After finding her voice as an advocate, Karen never looked back.
She registered for the Arthritis Foundation’s (AF) Advocacy Summit in Washington, D.C., in March 2003 and met members of the Foundation’s New York office, who invited her to speak at their fundraising walk that year. Since then, she has joined its Board of Governors and speaks at local events and fundraisers. She also consults for the Arthritis Foundation’s Women of Distinction Committee in New York (recently renamed “Women on the Move”), and managed to procure a Picasso lithograph for its fundraising auction last March.
Inspiring Others
She has also quietly opened the eyes of students at the U.N. International School. Seven years ago, one of Karen’s secondgraders, Joseph Lebowitz, noticed her crooked fingers and the flier she’d put on the bulletin board about the local Arthritis Foundation Arthritis Walk. “Joseph put two and two together,” says Karen, who now helps students with special learning needs.
Joseph and his parents joined Karen and her husband on that year’s walk. “I could see her fingers and tell there was something different,” says Joseph, now 15 and in 10th grade. “I began to walk to support her, and as I got more involved, it became more important to me.”

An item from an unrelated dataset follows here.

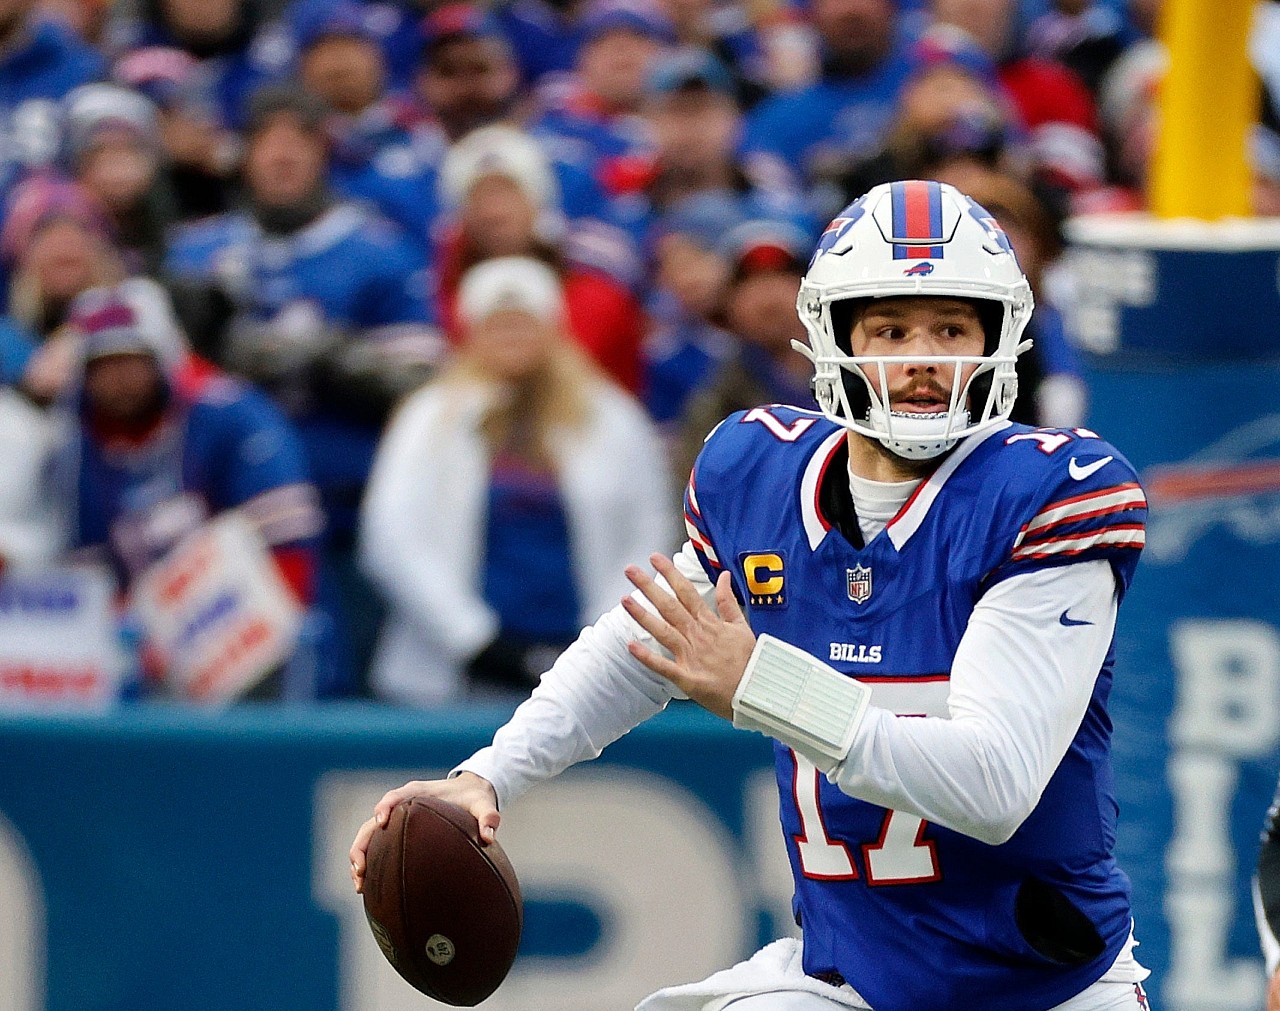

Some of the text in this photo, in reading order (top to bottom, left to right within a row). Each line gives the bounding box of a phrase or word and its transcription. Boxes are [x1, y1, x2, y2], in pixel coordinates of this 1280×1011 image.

He still walks for AF and encourages others to do so. And thanks to Joseph, “If you came into our school and asked any child what arthritis is, they would be able to tell you,” says Karen.
In addition to her formal advocacy work, Karen runs an educational website about RA (www.karenandarthritis.com) and oversees an informal group she founded for women with RA and/or osteoarthritis to chat about the “practical side of living with arthritis,” she says.
Now on her third biologic, as well as prednisone and a nonsteroidal anti-inflammatory drug, Karen has good days and bad. “When I’m tired, multi-tasking too much or anxious, I will have a flare,” she says. But though her fingers are crooked, her right shoulder is pushed forward, she can’t straighten her left arm, her ankles and knees act up and she walks with a slight limp, she says, “I am doing pretty good.”
And she is optimistic. “New medications are coming out all the time,” she says. “I spent a lot of time angry about my illness, but you reach a point where you have to channel that energy in a positive way. I really would not change the path my life has taken. Accepting and dealing with RA has allowed me to blossom and become the person I was meant to be.”